Stillwater Wasn’t Scary, It Certainly Was Intense
Stillwater Film Details
Director: Nino Aldi
Release Date: 13th of March 2018
Release Format: Digital
MPAA Rating: N/A
Genre: Mystery, Thriller
Running Time: 1 Hr 32 Min
Social Networking: Facebook
A weekend camping trip among six old friends in Northern Minnesota’s “Boundary Waters” turns tragic after one dies under mysterious circumstances, triggering further turmoil as they attempt to unmask the killer within their own group.
Six friends go camping in a part of the woods that is remote enough to be tagged “unchartered territory”. Just like all thrillers that begin in such a setting, things quickly go downhill. Stillwater begins as an innocent night of partying but progresses to a typical murder mystery when one of the group is found dead.
Related Article Stillwater Trailer First Impressions
Stillwater begins with long-time friends drinking beer and having fun in the woods. What could possibly go wrong?
The plot finally thickens when two strange women and a man, who attended high school with the original six, show up. The man calls himself “The Wizard” and the ladies, named after plants, probably didn’t give out their birth names either. Nobody really wants them here, but the fragile alpha-male egos of the campers prevail as they finally have women to “fight over” (and the Wizard has some cool drugs to share), so they get to stay.
After a long night of chugging beer and taking miscellaneous mind-altering substances, Dawson (the token “nice guy” of the group) wakes up to find his friend Cooper dead. After testing a few theories, the group concludes that it was murder. Further, they decided that the Wizard must have done it. The only question on everyone’s mind is “who committed the crime?” This mystery is full of death, mayhem, and just the right amount of gore.
The well-choreographed aerial shot near the beginning of the film was impressive. However, that was the only noteworthy use of cinematography or lighting that I can recall, especially if I don’t wish to add any spoilers here. Otherwise, the cinematography was well-done, but the lighting was kind of dark. I understand that this is intended for setting the mood, but it was overdone. It was sometimes difficult to tell the campers apart, and I am unsure of whether this was due to the lighting or the depth of the characters. If it was the latter, it is to no fault of the actors, of course- the performances in the film were all stellar.
Despite that there were no elaborate special effects in the film, it was refreshing to see a movie that didn’t need to use over-the-top gore to pull its viewers in. Plenty of films seem to rely on blood and gore to engage viewers, and this is not one of those films. The score was remarkable; so remarkable, in fact, that it wasn’t memorable. It tied into other facets of the film neatly.
While the movie wasn’t “scary”, it certainly was intense. Though the characters would potentially be considered “bland” in real life, they fit snugly into the plot and kept it moving quickly enough to keep my attention.

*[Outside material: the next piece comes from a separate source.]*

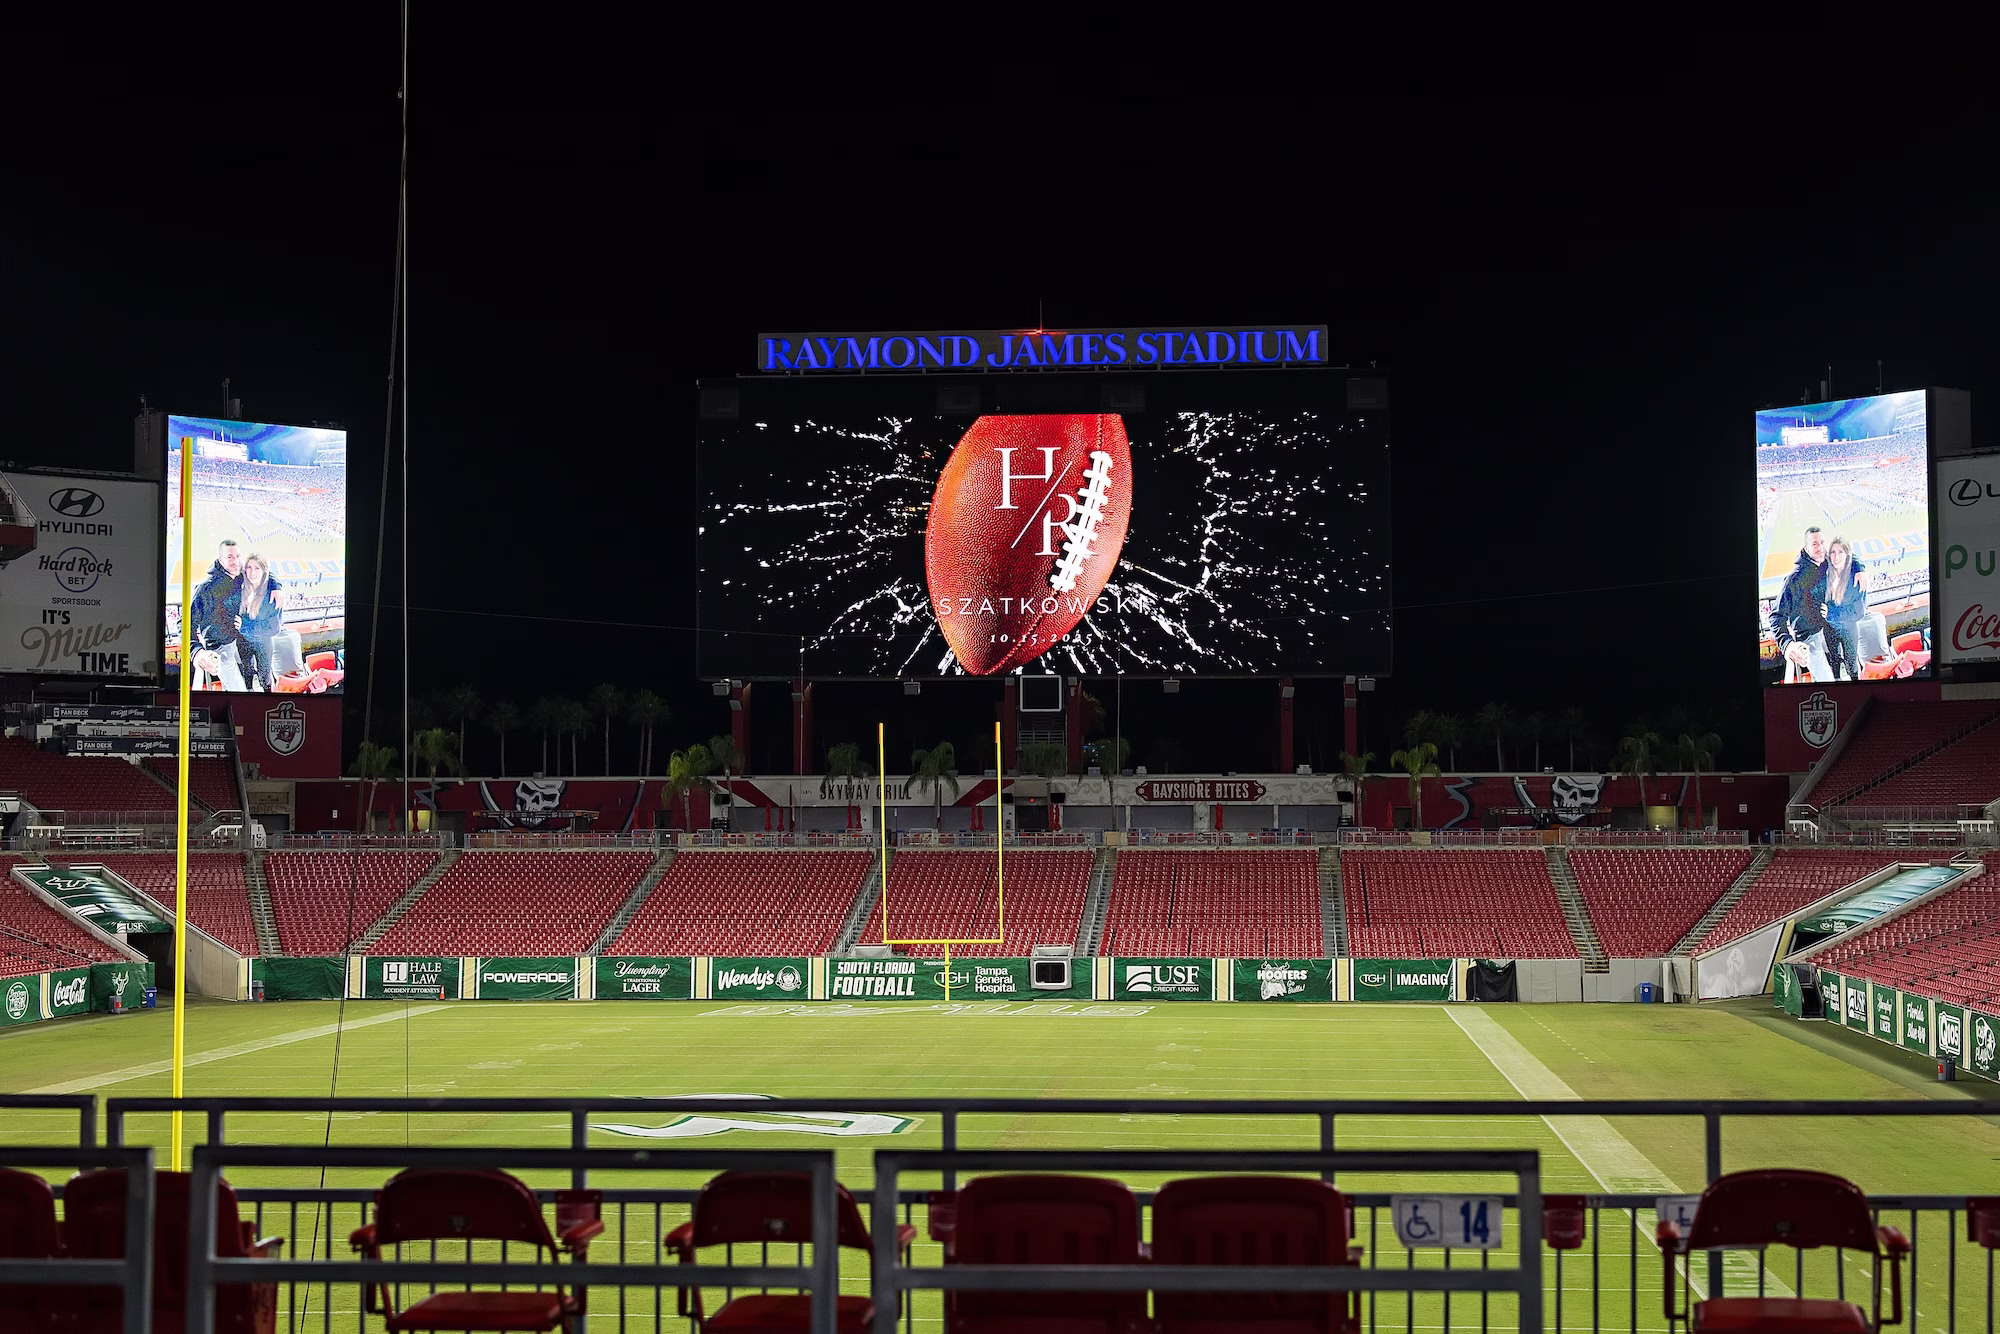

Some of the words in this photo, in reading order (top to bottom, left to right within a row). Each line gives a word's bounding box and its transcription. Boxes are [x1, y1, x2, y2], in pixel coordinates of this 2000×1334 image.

I truly wish that I had more to say about Stillwater, but many of the unique aspects of this film are also potential spoilers. If I had to give the movie a “star rating”, it would probably receive 3.5 out of five stars. The actors shined where the characters did not, and the lighting fell dim where the cinematography was impressive. In short, there are ups and downs to this film, but you will have to view Stillwater for yourself to find out- and yes, it is worth watching!